Ich sehe Osttirol als meine Homebase

Julia Begher will Erfahrungen sammeln, Fehler machen und Kontakte knüpfen.

Das ist die 4. Folge der Interview-Serie “Heimweh?” Im Dolomitenstadt-Printmagazin ( erhältlich im Osttiroler Zeitschriftenhandel) und im Introvideo zur Serie erfahren Sie mehr. Unsere heutige Gesprächspartnerin ist Julia Begher. Sie stammt aus Heinfels und ist am 7. März 1992 geboren.

Julia Begher, porträtiert von Linda Steiner.
Julia Begher, porträtiert von Linda Steiner.

Was machst du zurzeit?

Vergangenen Juli habe ich mein Studium Kommunikations- und Grafikdesign an der Akademie U5 in München erfolgreich abgeschlossen. Der Höhepunkt dieses dreijährigen Studiums war die Diplompräsentation am Ende des 6. Semesters vor einer Jury, bestehend aus den bekanntesten Werbeköpfen Deutschlands. Als eine von zwei Österreicherinnen empfand ich es wichtig, etwas aus meiner Heimat einzubringen. Und so hab ich mir als Diplomthema das Redesign der Wiener Philharmoniker ausgesucht.

Im Sommer war ich dann auf der Suche nach einem passenden Job, den ich schließlich in einer Werbeagentur gefunden habe.

Hast du einen starken Bezug zu deiner Heimat?

Ja, sehr. Ich sehe Osttirol als meine Homebase.

Kannst du dir vorstellen, später wieder hier zu leben und zu arbeiten?

Auf alle Fälle. Doch in den nächsten Jahren will ich in erster Linie Erfahrungen sammeln, Fehler machen und Kontakte knüpfen. Auf diesem Fundament möchte ich dann in Osttirol aufbauen.
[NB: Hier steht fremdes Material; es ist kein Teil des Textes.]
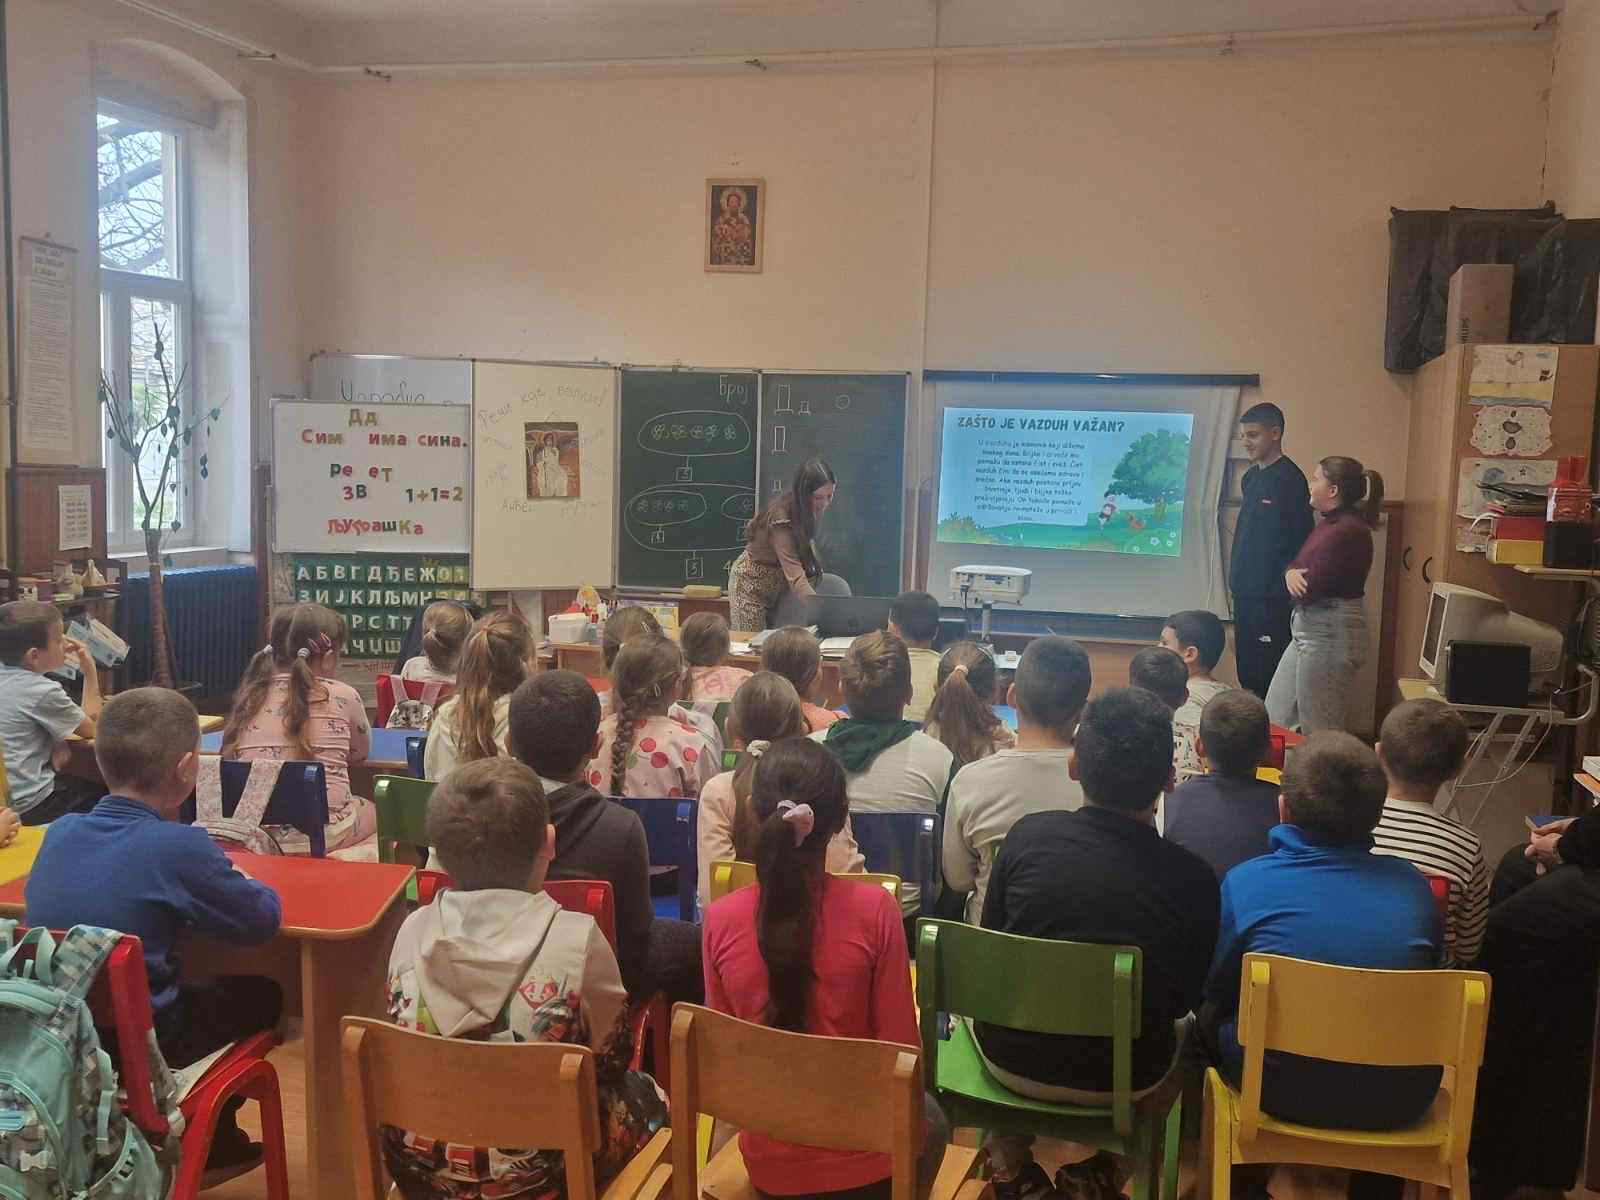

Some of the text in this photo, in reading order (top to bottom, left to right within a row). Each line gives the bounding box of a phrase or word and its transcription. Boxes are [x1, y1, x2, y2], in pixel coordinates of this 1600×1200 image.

[957, 414, 1125, 433] ZAŠTO JE VAZDUH VAŽAN?
[368, 433, 407, 446] има
[417, 434, 468, 448] сина.
[406, 487, 464, 503] 1+1=2
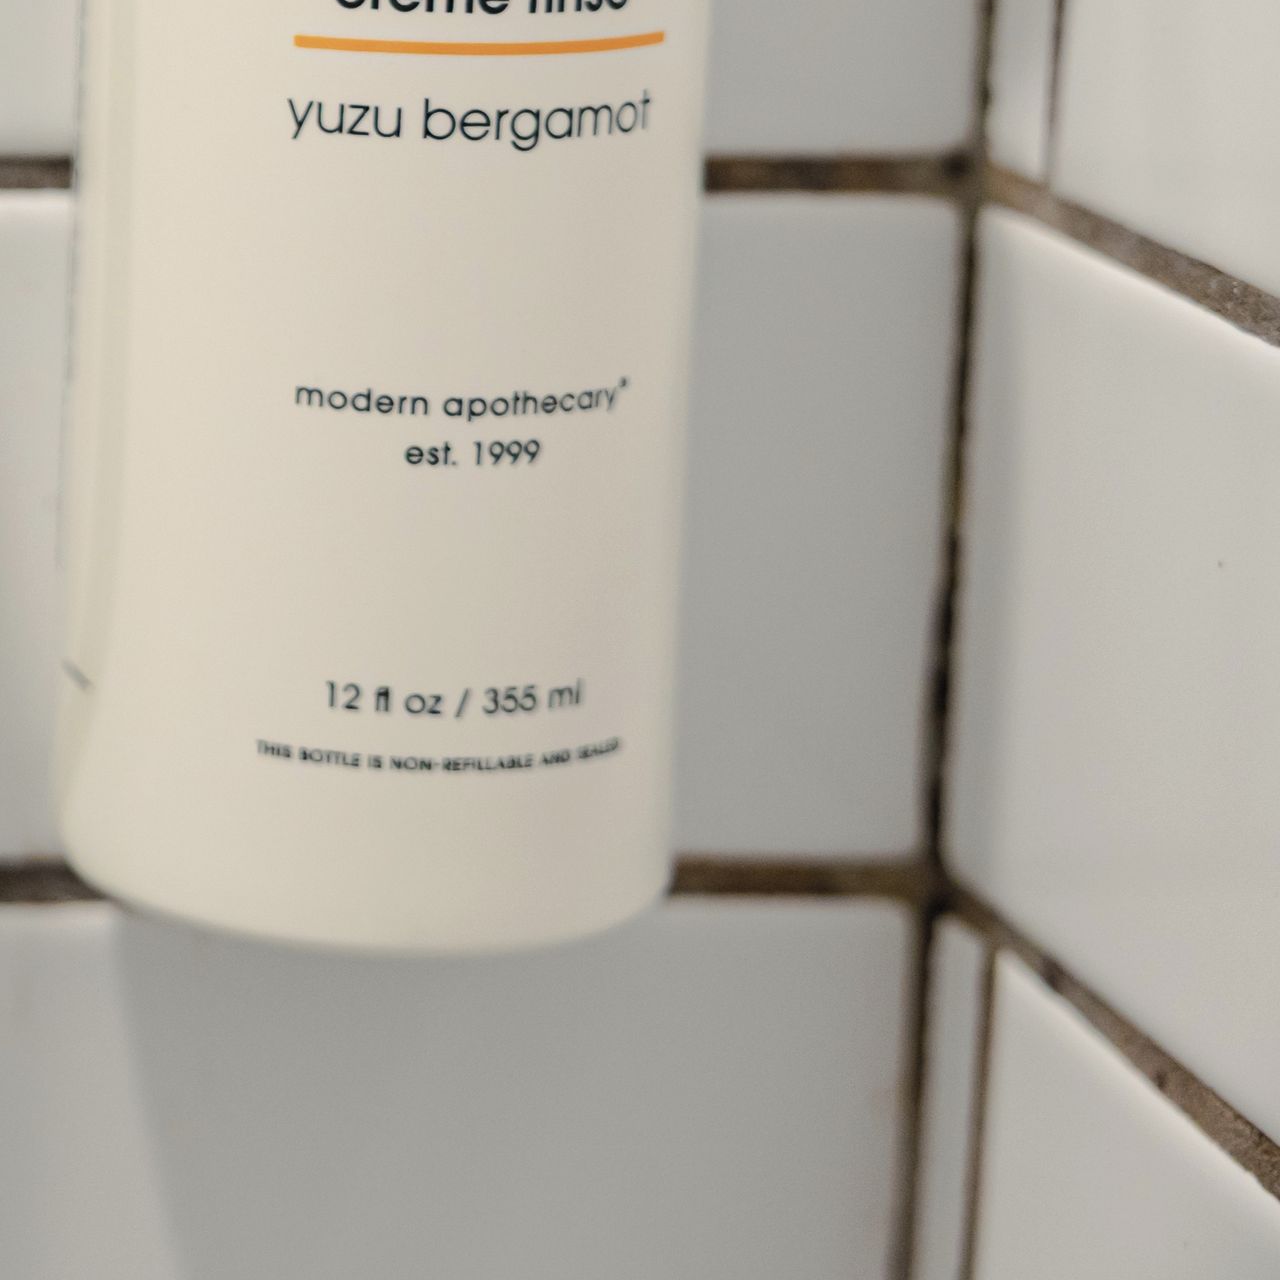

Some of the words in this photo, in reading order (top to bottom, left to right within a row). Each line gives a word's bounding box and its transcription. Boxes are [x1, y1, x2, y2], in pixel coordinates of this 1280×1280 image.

[287, 98, 403, 140] yuzu
[422, 90, 651, 152] bergamot
[295, 386, 430, 416] modern
[404, 441, 457, 466] est.
[474, 439, 542, 466] 1999
[326, 680, 362, 712] 12
[374, 686, 392, 713] fl
[404, 693, 444, 717] oz
[455, 688, 471, 718] /
[483, 685, 538, 716] 355
[548, 680, 582, 708] ml
[258, 740, 294, 760] THIS
[298, 747, 361, 769] BOTTLE
[367, 755, 384, 770] IS
[390, 754, 534, 773] NON-REFILLABLE
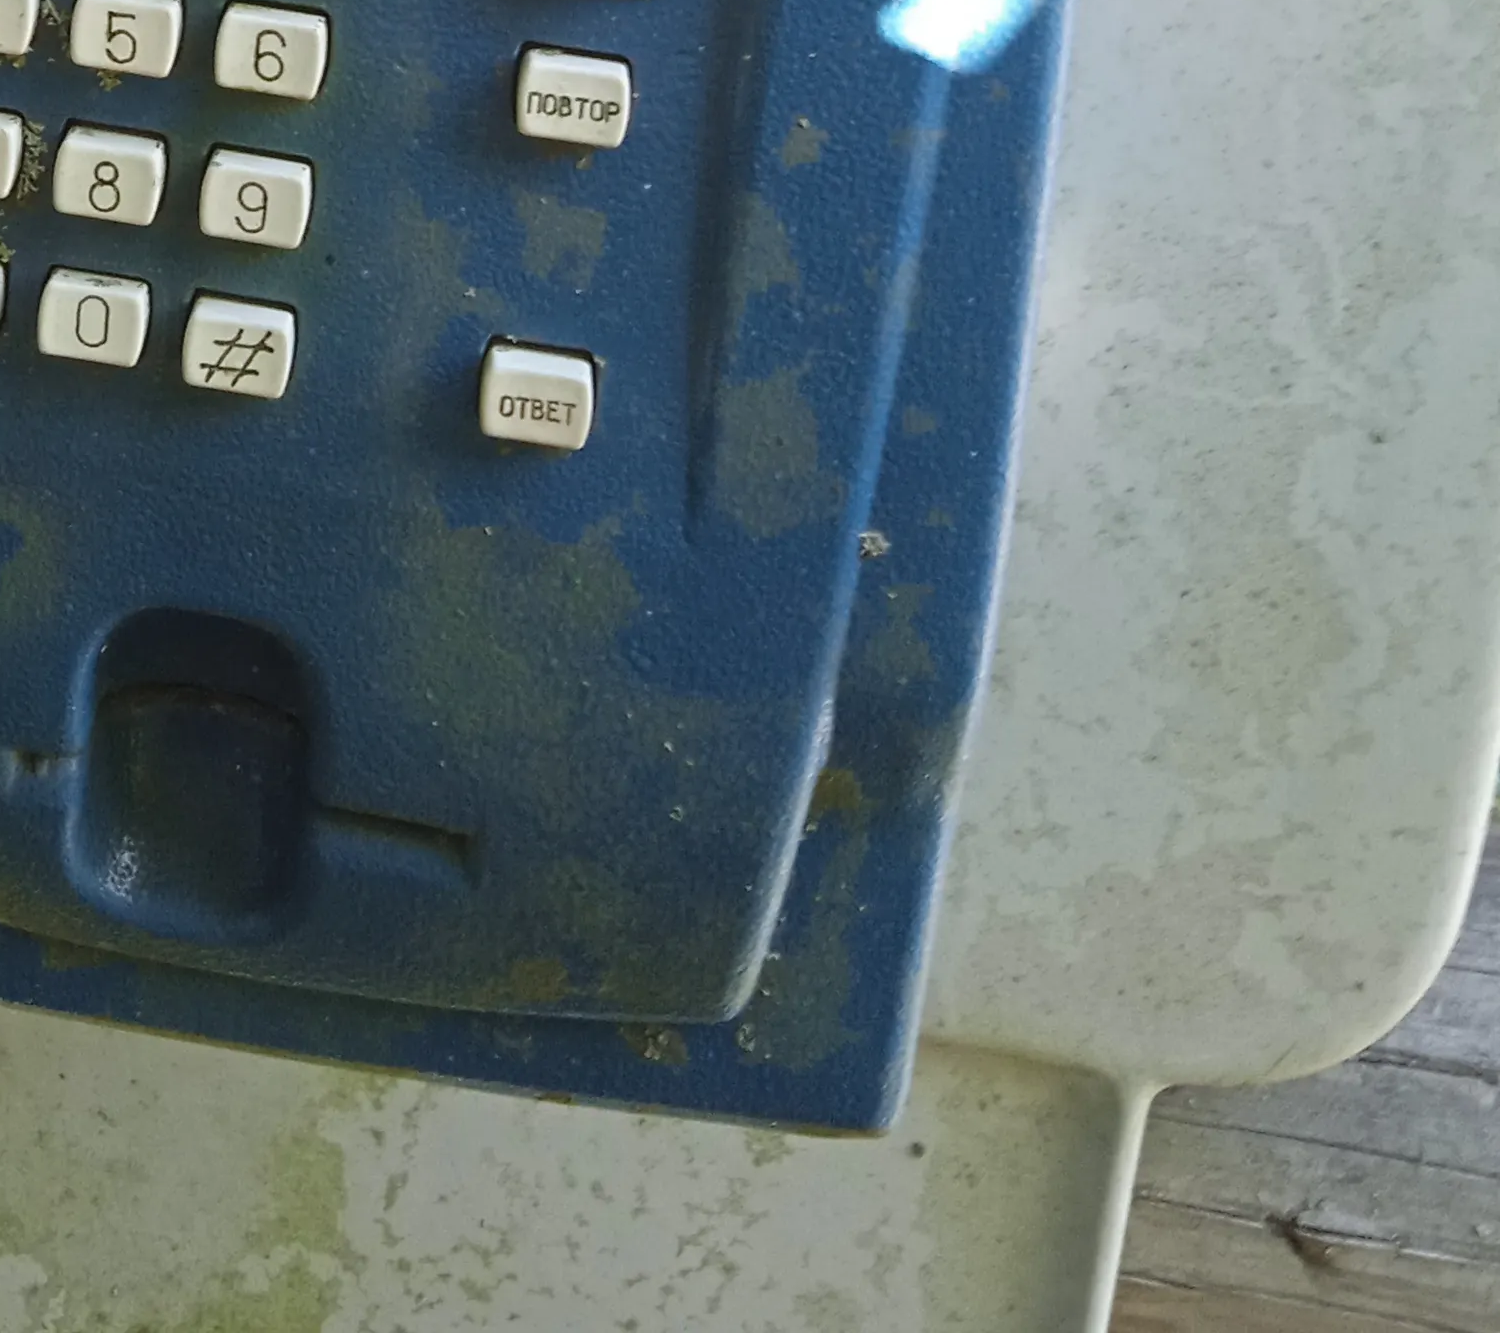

Bist du mit dem Job-Angebot in Osttirol zufrieden oder möchtest du irgendwann dein eigenes Unternehmen gründen?

Für meine Branche gibt es im Moment in Osttirol leider kaum relevante Job-Angebote. Dies wird sich in den nächsten Jahren wohl auch nicht erheblich ändern. Diese Chance möchte ich ergreifen und ein eigenes Unternehmen gründen, wobei ich das aber am liebsten auf mich zukommen lasse.

Gibt es etwas, das dir in Osttirol fehlt?

Klar, es sind viele Dinge in Osttirol ausbaufähig, z. B. der Kulturbereich. Jedoch sollte man auch nie vergessen, dass Lienz nicht New York und Osttirol nicht Disneyland ist.

–––

In der Serie „Heimweh?“ entstehen vorerst 50 Porträts von Studentinnen und Studenten aus Osttirol, geschrieben und gezeichnet von Linda Steiner. Unterstützt wird dieses Dolomitenstadt-Projekt von Durst Phototechnik. Außerhalb Osttirols lebende Studierende, aber auch andere junge „Bildungsauswanderer“ können sich per Mail an redaktion@dolomitenstadt.at bei uns melden, wenn sie an diesem Projekt teilnehmen möchten.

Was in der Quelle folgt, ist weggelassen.